According to C-12’s final report released last month, in addition to the views of the Undergraduate Senate, students also pointed out that most violations of honor codes occur outside of exams, making proctoring a relatively ineffective solution to cheating.
However, some students are in favor of proctoring, as they believe it would be easier to have teachers or teaching assistants present to answer questions during exams. This also relieves students of the responsibility of monitoring each other during exams and provides them with more opportunities to fight against cheating accusations.
Fayein stated that feedback from the students and faculty mentioned above was the reason for C-12’s suggestion to investigate proctoring. She said, “An important reason for what we are doing is that we have learned about the expectations of different stakeholders for change and meaningful change,” rather than a “subconscious” reaction to Stanford’s academic misconduct issues.
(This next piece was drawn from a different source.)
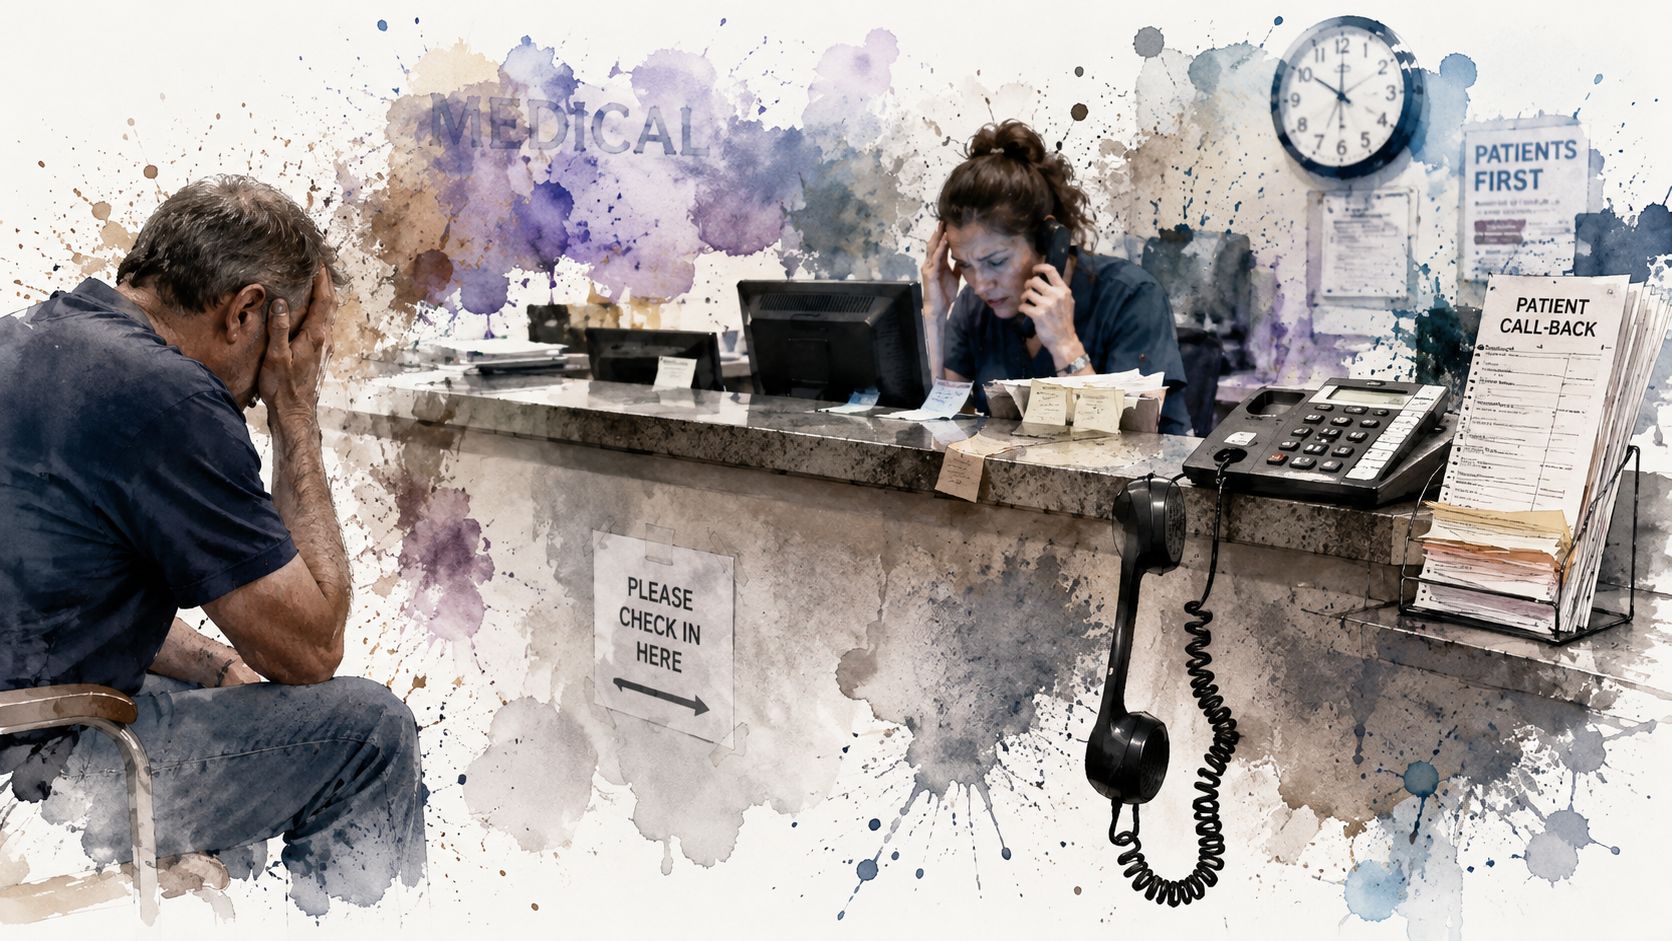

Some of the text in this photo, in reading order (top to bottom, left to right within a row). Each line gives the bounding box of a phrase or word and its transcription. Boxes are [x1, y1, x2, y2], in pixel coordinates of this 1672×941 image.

Other revisions to the Honor Code include new text and definitions aimed at clarifying the responsibilities of both students and professors.
C-12 also proposed significant changes to the student arbitration process – namely, adopting a new tiered model based on the severity of the violation, past offenses, and other factors instead of a so-called “one-size-fits-all” arbitration system where students go through the same process regardless of the alleged violation. The new code will also focus on education rather than punishing violators.
Conrad stated that revisions to the arbitration process have been approved by all five institutions, including President Lavine, with one purpose being to ensure that a foolish mistake (or even a misunderstanding of academic dishonesty) does not become a lifelong stain on a student’s record.
C-12 will not be involved in Stanford’s next proctoring efforts. However, Conrad expressed hope that the committee’s years of hard work, advocacy, and research will eventually have a positive impact. He said, “I certainly hope that regardless of the ultimate outcome of discussions related to the Honor Code, proposals based on our work will at least receive attention from certain departments within the university to improve the culture of academic integrity.”